### Activity
Reproduce each record exactly. The pictures should be skipped.

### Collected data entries

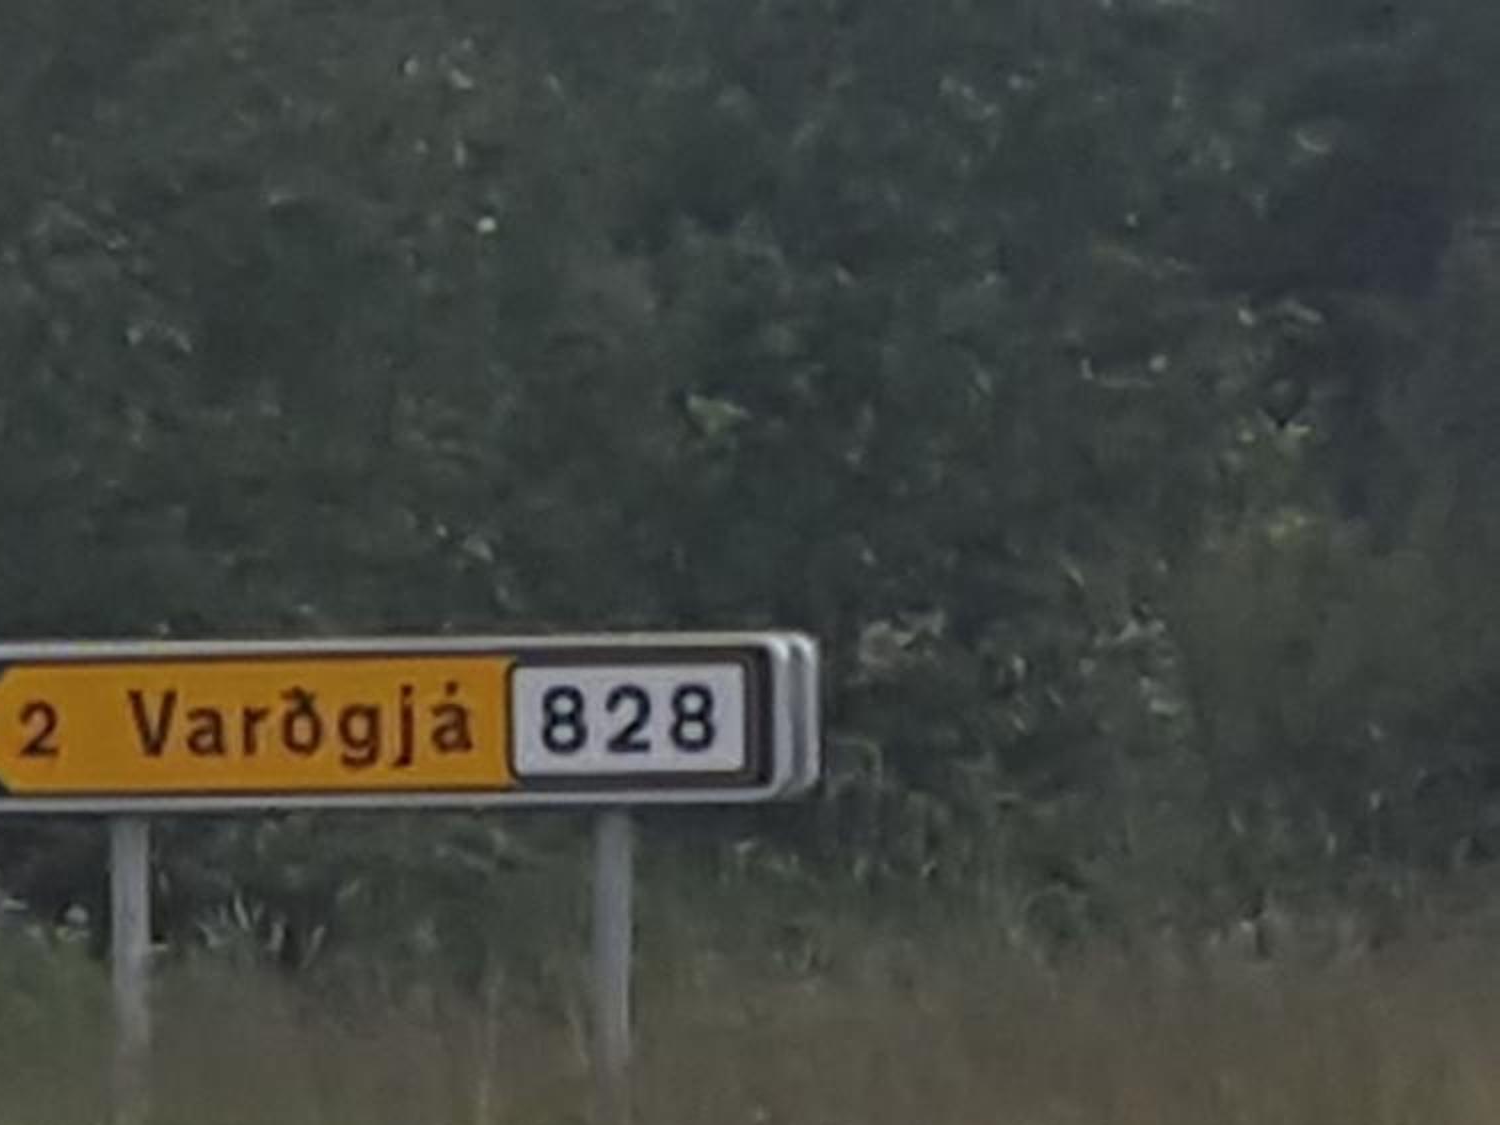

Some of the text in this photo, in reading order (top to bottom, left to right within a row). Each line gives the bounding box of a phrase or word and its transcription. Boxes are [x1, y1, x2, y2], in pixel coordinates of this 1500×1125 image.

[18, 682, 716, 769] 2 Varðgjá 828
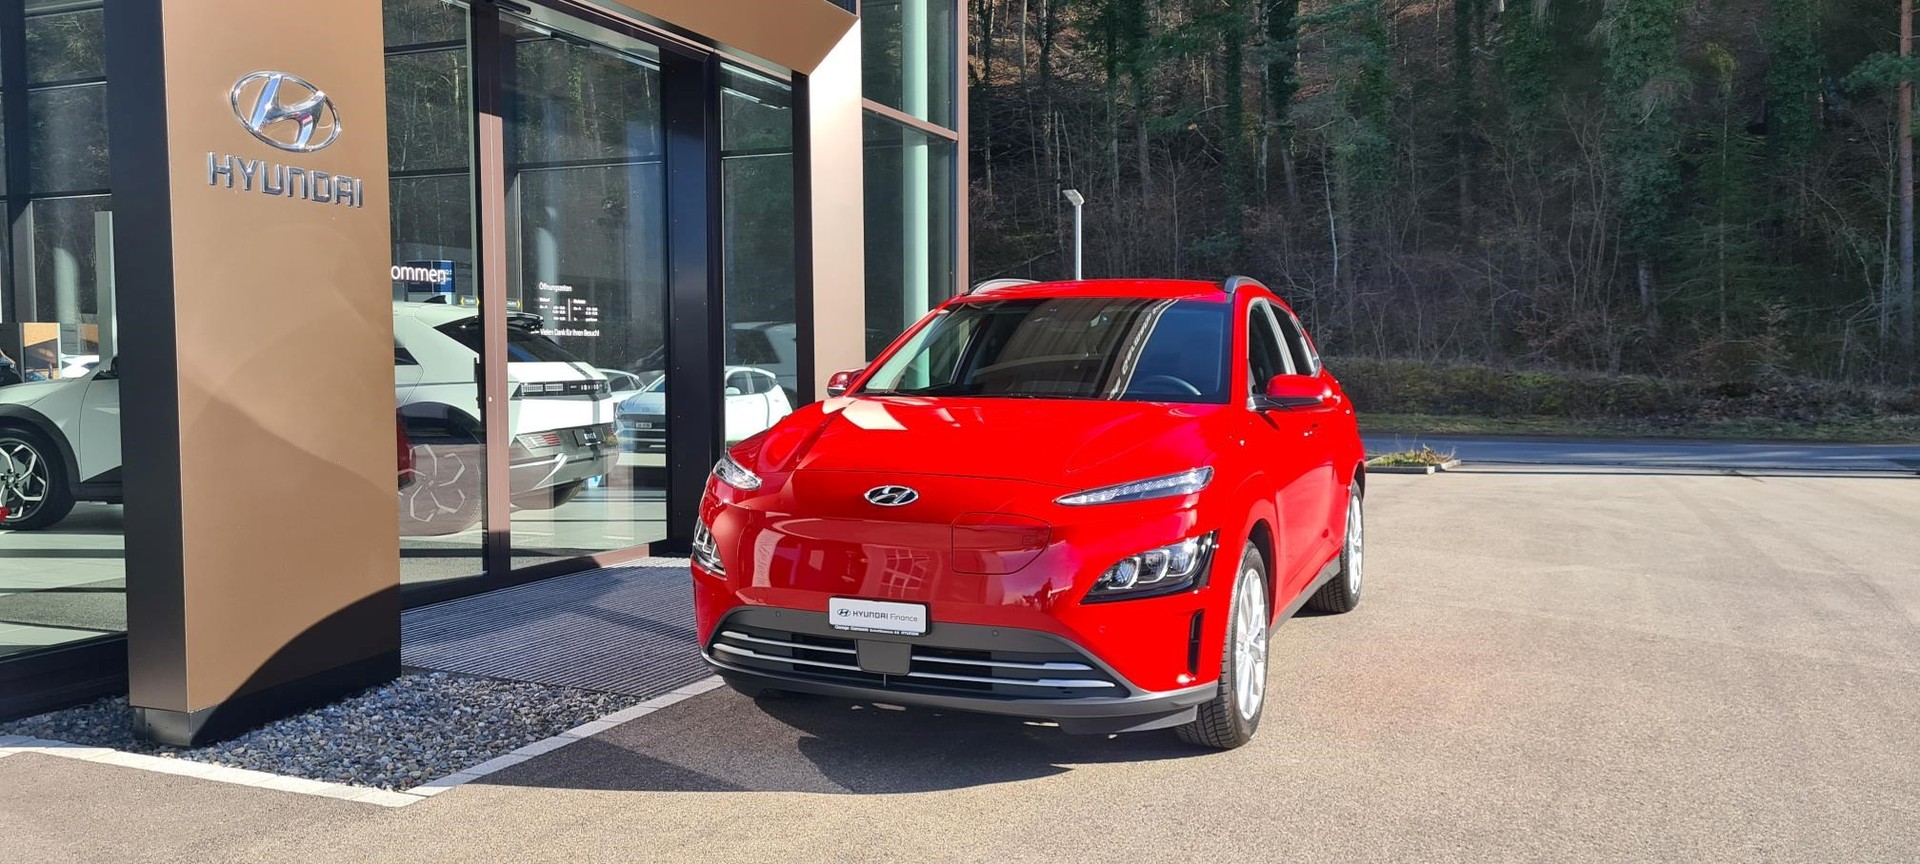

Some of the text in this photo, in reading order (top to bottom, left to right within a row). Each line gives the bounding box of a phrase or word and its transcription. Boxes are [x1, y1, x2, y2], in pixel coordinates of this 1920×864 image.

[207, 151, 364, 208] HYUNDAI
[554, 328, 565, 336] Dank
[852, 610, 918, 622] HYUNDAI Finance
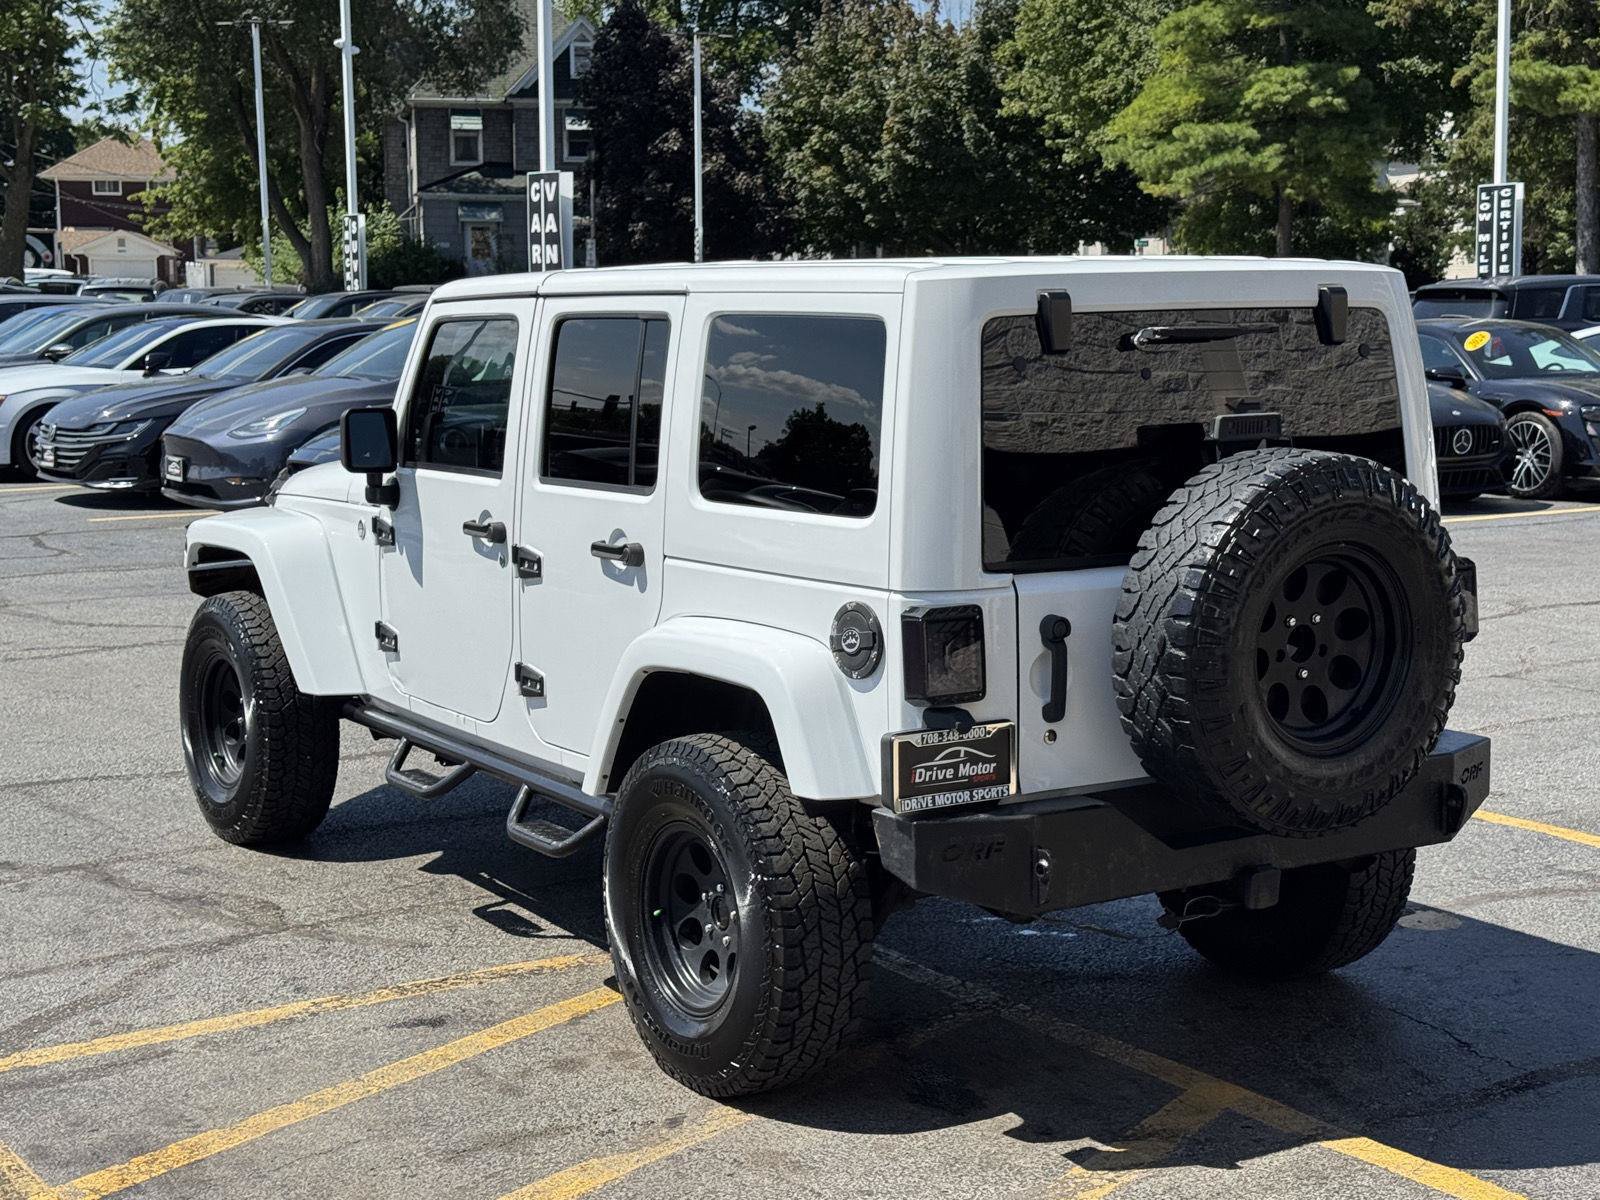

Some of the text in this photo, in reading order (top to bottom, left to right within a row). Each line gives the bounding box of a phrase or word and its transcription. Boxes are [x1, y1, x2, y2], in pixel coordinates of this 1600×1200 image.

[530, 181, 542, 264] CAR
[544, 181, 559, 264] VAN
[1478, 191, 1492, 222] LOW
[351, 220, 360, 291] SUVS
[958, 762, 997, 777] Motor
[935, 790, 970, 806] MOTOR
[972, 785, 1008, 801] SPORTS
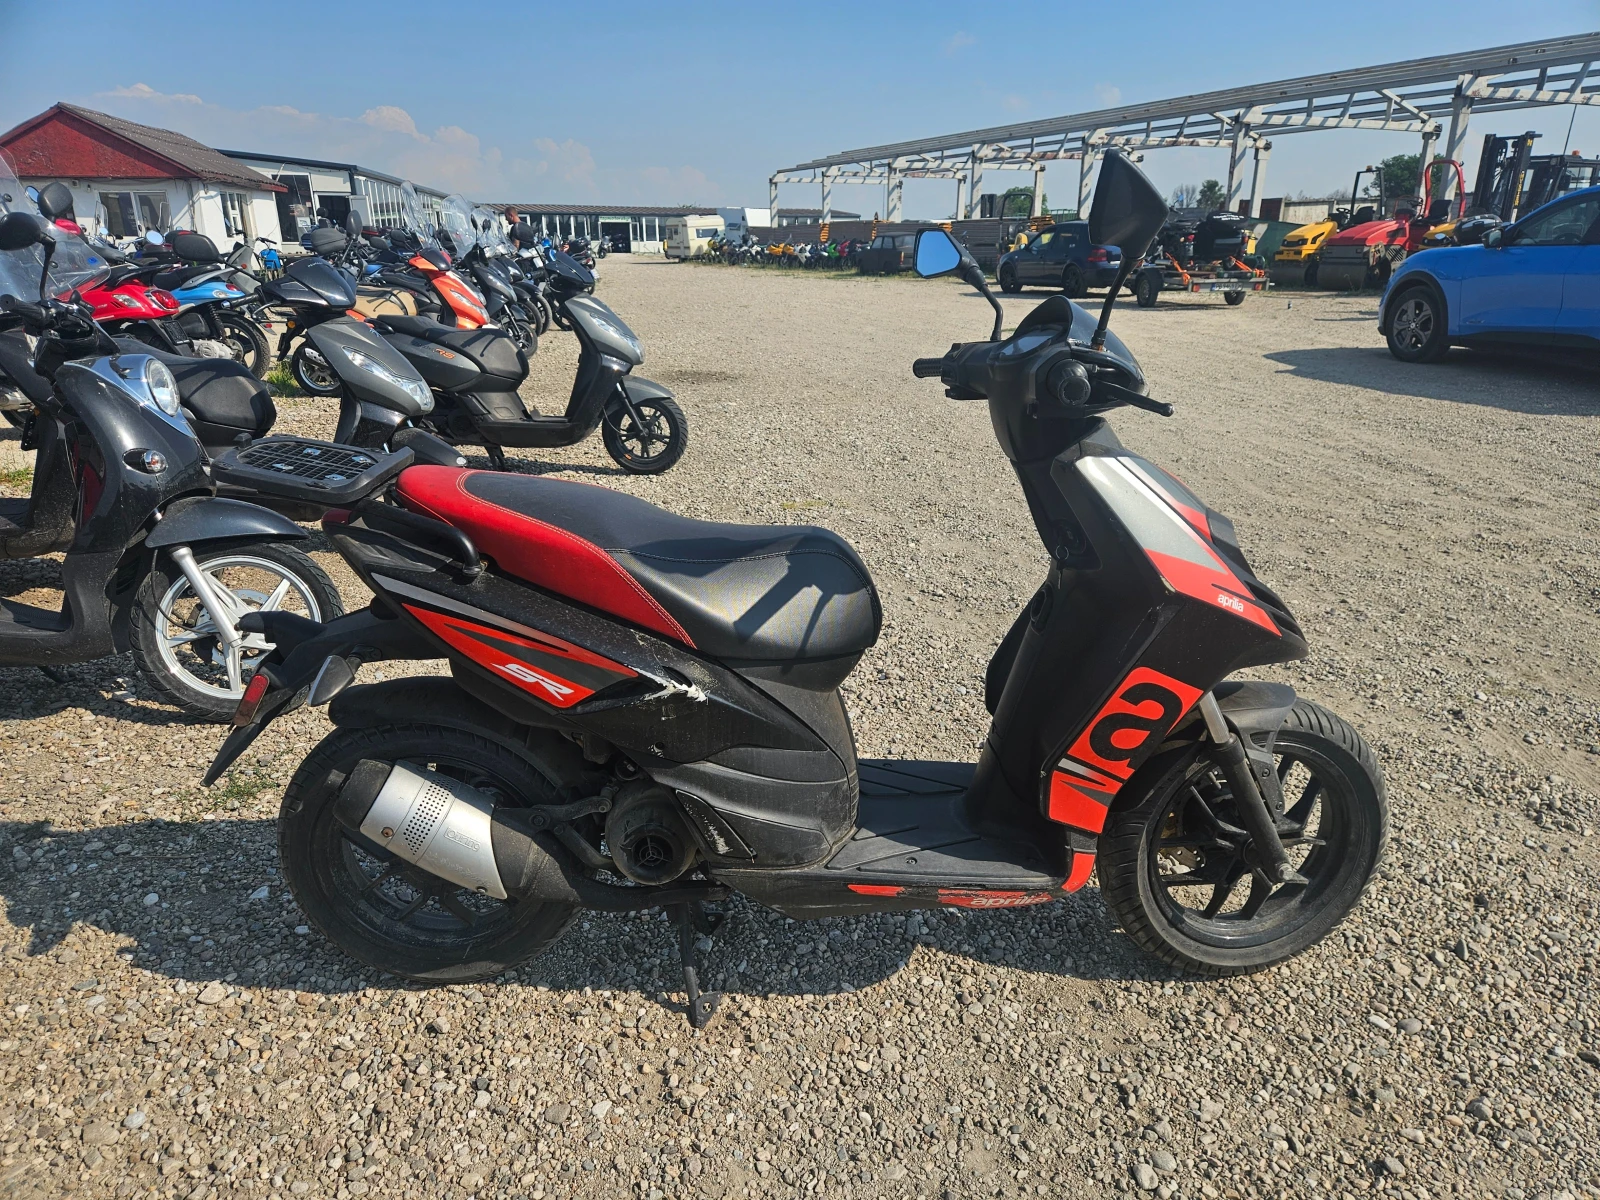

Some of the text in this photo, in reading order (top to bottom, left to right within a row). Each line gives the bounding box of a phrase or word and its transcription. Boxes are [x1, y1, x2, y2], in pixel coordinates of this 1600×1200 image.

### Reply
Some of the text in this photo, in reading order (top to bottom, left to right within a row). Each line gives the bounding box of a phrase or word and its transcription. Boxes are [x1, y1, x2, y2], in pixel coordinates of this 1500×1125 image.

[18, 682, 716, 769] 2 Varðgjá 828

Some of the text in this photo, in reading order (top to bottom, left to right within a row). Each line gives the bounding box of a phrase or word and its transcription. Boxes are [x1, y1, x2, y2], in pixel coordinates of this 1920×864 image.

[207, 151, 364, 208] HYUNDAI
[554, 328, 565, 336] Dank
[852, 610, 918, 622] HYUNDAI Finance

Some of the text in this photo, in reading order (top to bottom, left to right within a row). Each line gives the bounding box of a phrase or word and its transcription. Boxes are [x1, y1, x2, y2], in pixel coordinates of this 1600×1200 image.

[530, 181, 542, 264] CAR
[544, 181, 559, 264] VAN
[1478, 191, 1492, 222] LOW
[351, 220, 360, 291] SUVS
[958, 762, 997, 777] Motor
[935, 790, 970, 806] MOTOR
[972, 785, 1008, 801] SPORTS

Some of the text in this photo, in reading order (top to bottom, left to right within a row). Each line gives the bounding box of a phrase or word and its transcription. Boxes are [x1, y1, x2, y2], in pixel coordinates of this 1600×1200 image.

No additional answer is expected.